[WHAT THE TASK REQUIRES] Reproduce every record exactly as it appears, but not the pictures.

═══

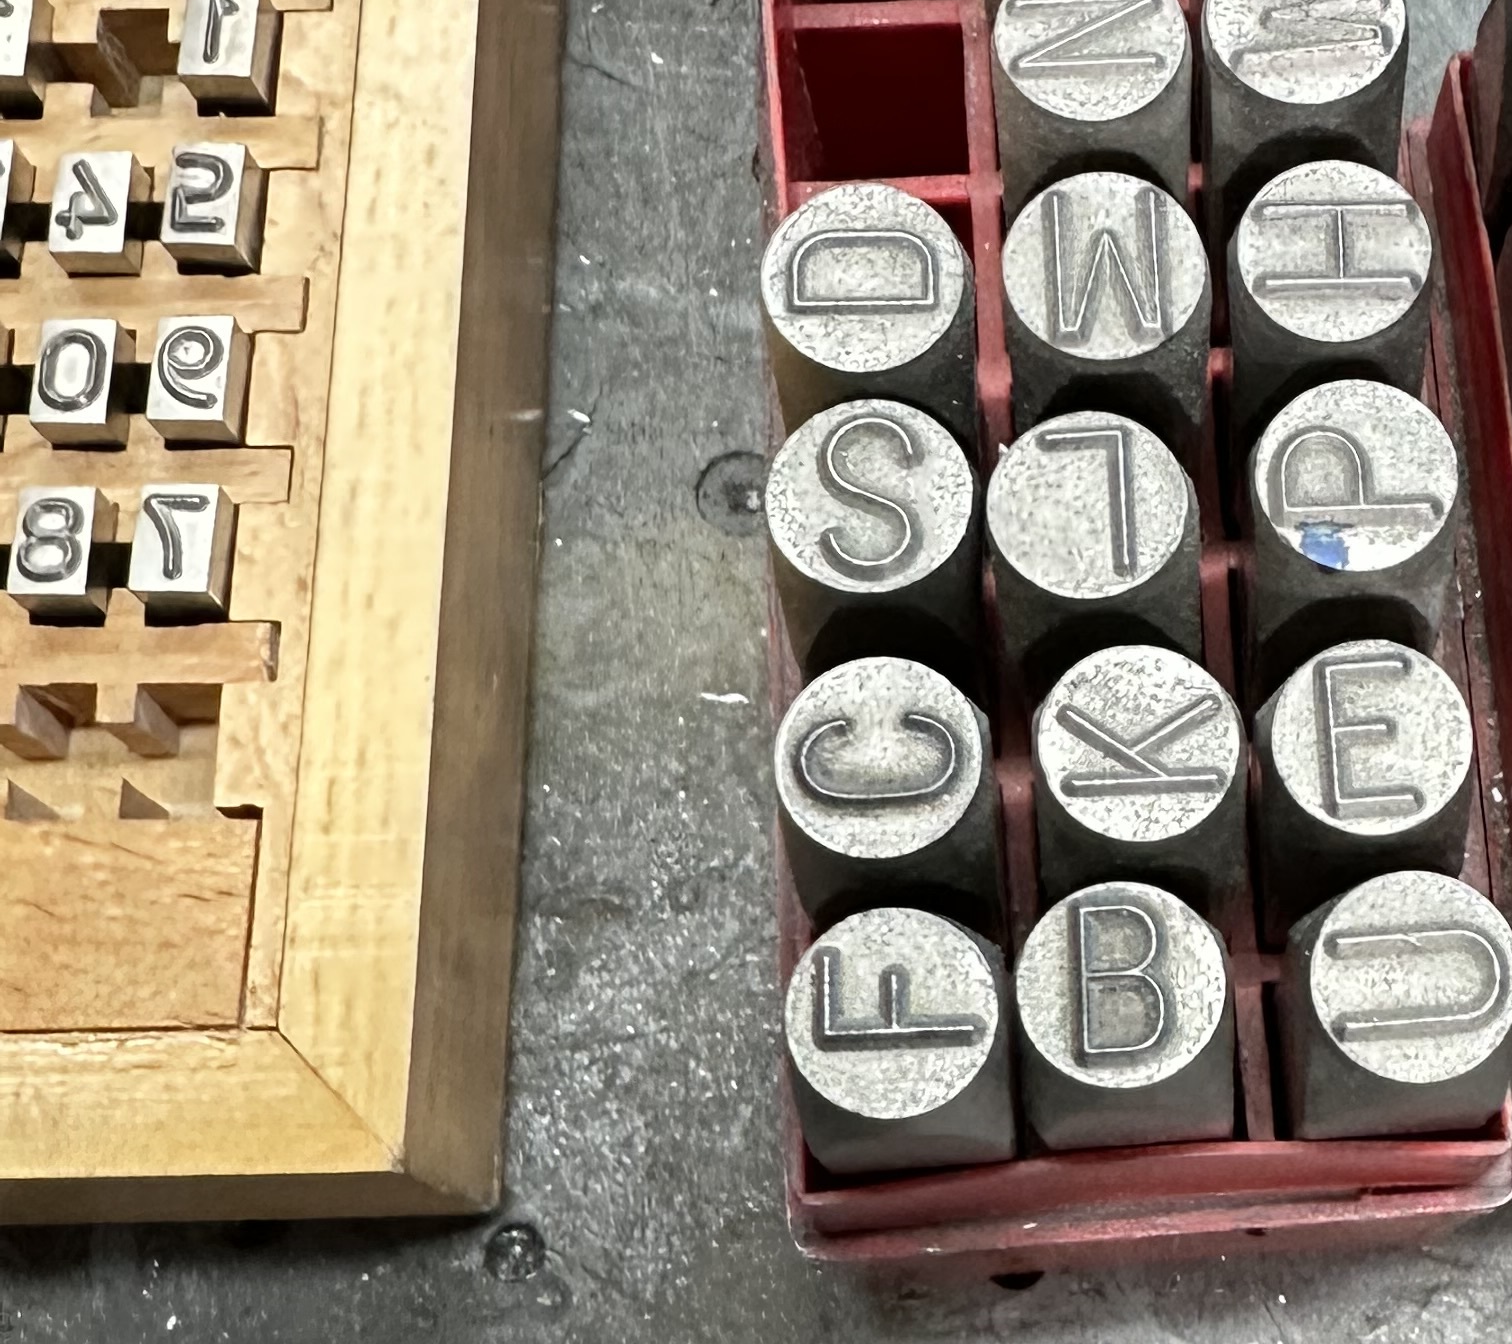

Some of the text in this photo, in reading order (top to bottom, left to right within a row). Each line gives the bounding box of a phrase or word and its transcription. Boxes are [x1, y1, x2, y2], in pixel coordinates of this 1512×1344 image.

[785, 228, 939, 313] D
[1251, 198, 1423, 294] H
[817, 412, 925, 581] S
[1270, 425, 1444, 522] P
[795, 709, 964, 806] C
[1055, 692, 1227, 798] K
[1313, 655, 1427, 820] E
[814, 943, 989, 1052] F
[1068, 899, 1169, 1068] B

═══

[ANSWER TO THE PROBLEM]
Some of the text in this photo, in reading order (top to bottom, left to right within a row). Each line gives the bounding box of a phrase or word and its transcription. Boxes are [x1, y1, x2, y2], in pixel coordinates of this 1512×1344 image.

[785, 228, 939, 313] D
[1251, 198, 1423, 294] H
[817, 412, 925, 581] S
[1270, 425, 1444, 522] P
[795, 709, 964, 806] C
[1055, 692, 1227, 798] K
[1313, 655, 1427, 820] E
[814, 943, 989, 1052] F
[1068, 899, 1169, 1068] B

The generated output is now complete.